If there's one word to capture the mood of Formula One as the series races Sunday in Russia, it might be "unsettled."
Already upset by the crash of Jules Bianchi last weekend during the Japanese Grand Prix that left the French driver with severe head injuries, Formula One this weekend is holding the inaugural Russian Grand Prix at a new track.
It's the Sochi Autodrom, a 3.63-mile course laid out in the area of southwestern Russia along the Black Sea coast that was used for the 2014 Winter Olympics.
Until practice began Friday, Formula One's drivers mostly knew how to navigate the circuit only by having used computer simulators.
Regardless, current championship points leader Lewis Hamilton of the Mercedes team posted the fastest time in the second of the day's two practice sessions.
Kevin Magnussen of the McLaren team was second, followed by two-time champion Fernando Alonso of Ferrari and Hamilton's teammate Nico Rosberg.
Rosberg trails Hamilton by a slim 10 points with four races left this season. After Russia, the next race is the U.S. Grand Prix on Nov. 2 at the Circuit of the Americas track in Austin, Texas.
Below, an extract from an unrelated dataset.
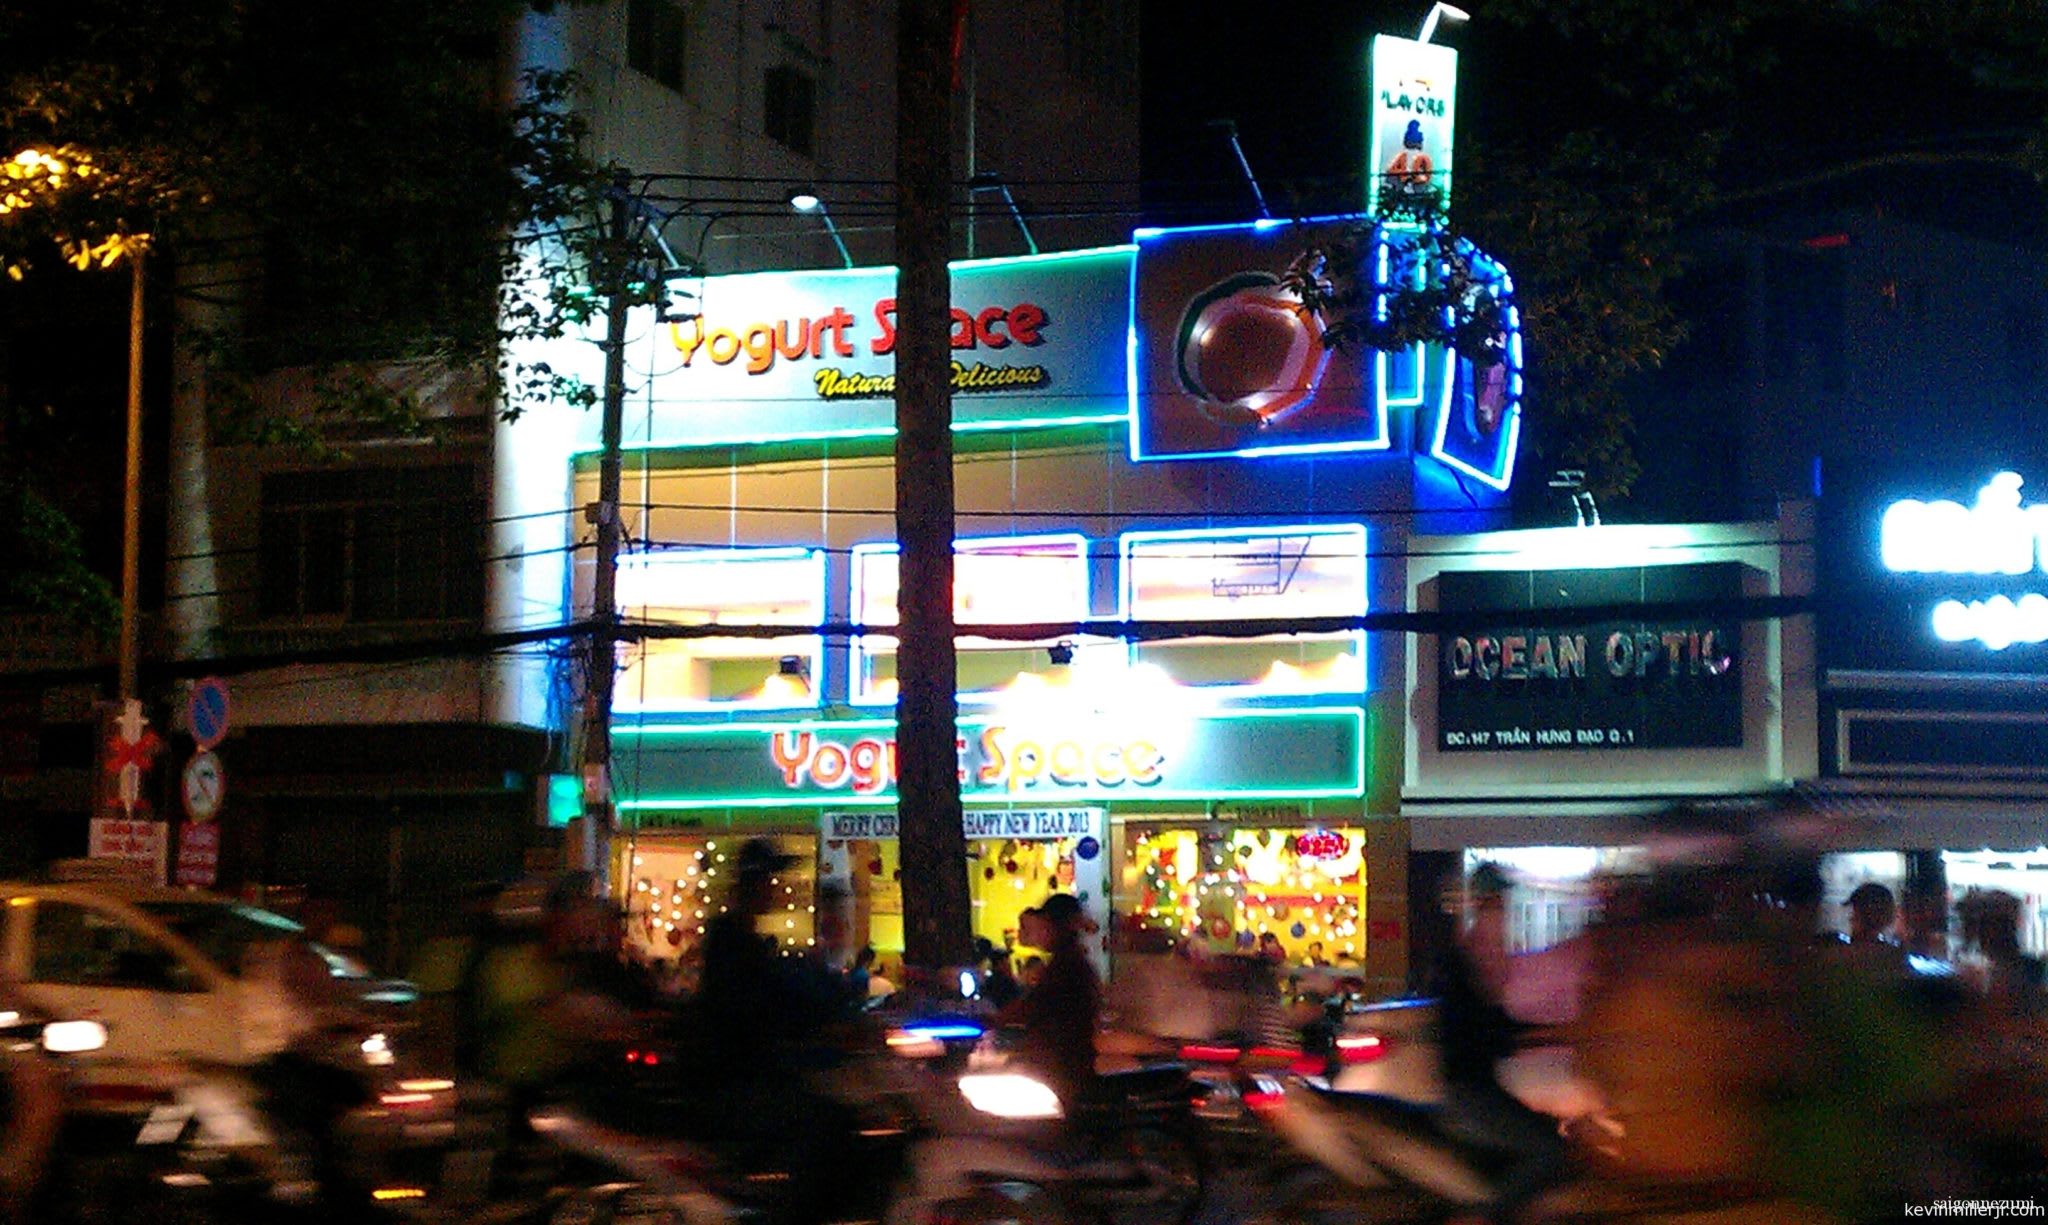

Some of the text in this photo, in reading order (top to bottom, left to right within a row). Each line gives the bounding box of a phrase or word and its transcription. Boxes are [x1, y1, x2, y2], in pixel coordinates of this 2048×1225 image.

Before practice, Bianchi's Marussia team said it would compete with only one car this weekend, driven by Bianchi's teammate Max Chilton of Britain, and not use a replacement driver for Bianchi's car.
"I don't know how to put into words how truly devastated I am by what has happened to Jules," Chilton said in a statement. "It is going to be a very emotional weekend for the whole team, but we will try to get through it and keep praying for Jules."
In a Twitter post Friday, Hamilton said: "I'm praying like crazy for Jules."
The 53-lap Russian Grand Prix starts Sunday at 4 a.m. PDT.